Phrase grounding data:
------------

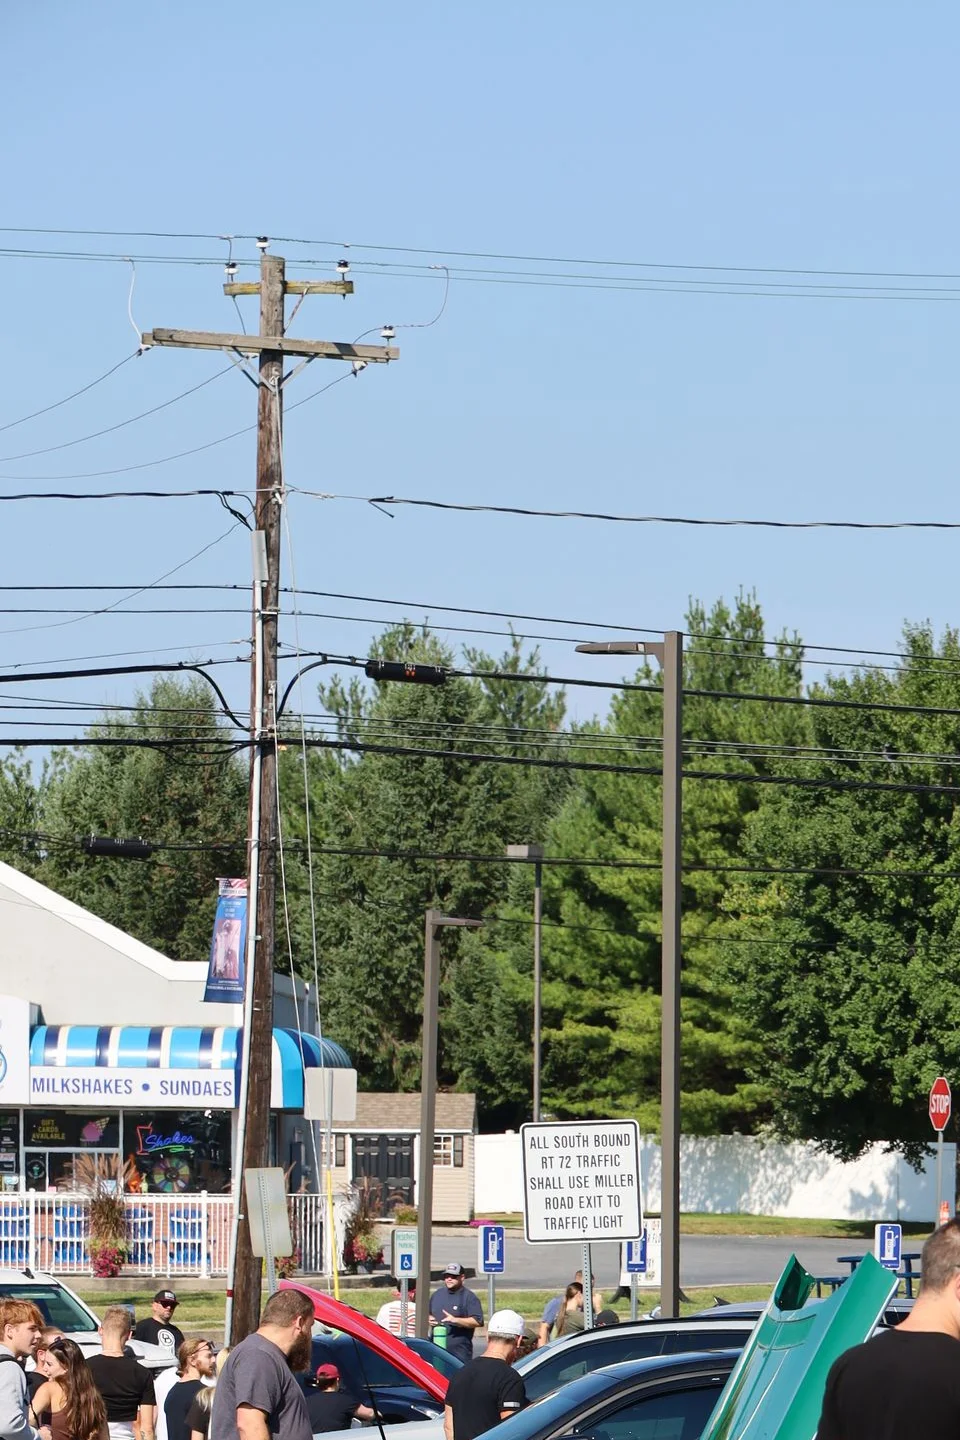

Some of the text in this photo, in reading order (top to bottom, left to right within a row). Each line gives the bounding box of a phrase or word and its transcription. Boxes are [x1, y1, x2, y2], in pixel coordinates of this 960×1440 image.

[32, 1077, 232, 1097] MILKSHAKES SUNDAES
[931, 1094, 949, 1114] STOP
[32, 1132, 65, 1140] AVAILABLE
[145, 1130, 193, 1149] Shakes
[530, 1133, 631, 1150] ALL SOUTH BOUND
[541, 1154, 620, 1169] RT 72 TRAFFIC
[530, 1174, 634, 1190] SHALL USE MILLER
[545, 1195, 621, 1210] ROAD EXIT TO
[544, 1215, 623, 1230] TRAFFIC LIGHT
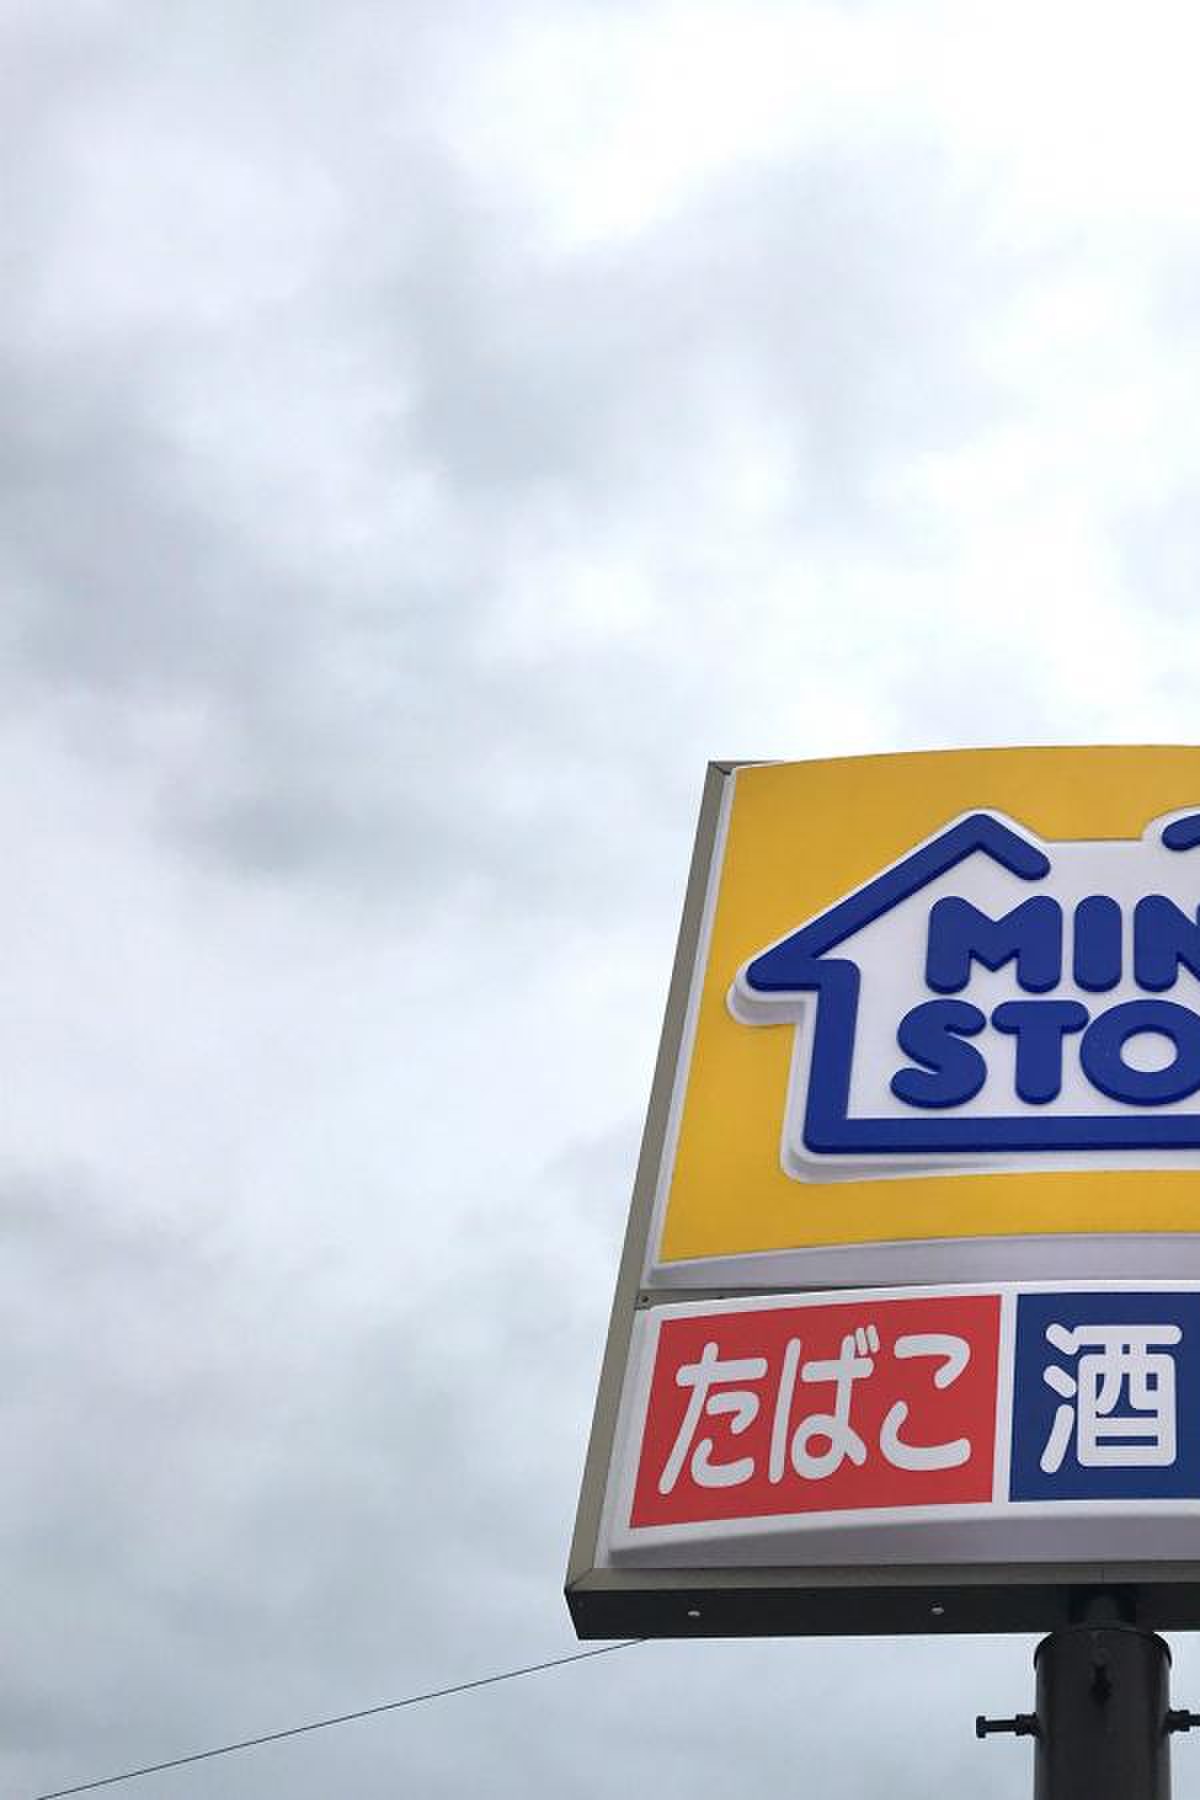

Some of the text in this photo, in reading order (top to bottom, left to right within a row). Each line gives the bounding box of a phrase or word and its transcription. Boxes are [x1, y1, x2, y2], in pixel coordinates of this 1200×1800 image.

[658, 1324, 973, 1496] たばこ
[1039, 1323, 1182, 1474] 酒

------------

**WHAT IS BEING ASKED:** Exactly the lines from the one containing "this 1200×1800 image." through the last line of the records are to be transcribed, both endpoints included.

**WRITTEN SOLUTION:**
Some of the text in this photo, in reading order (top to bottom, left to right within a row). Each line gives the bounding box of a phrase or word and its transcription. Boxes are [x1, y1, x2, y2], in pixel coordinates of this 1200×1800 image.

[658, 1324, 973, 1496] たばこ
[1039, 1323, 1182, 1474] 酒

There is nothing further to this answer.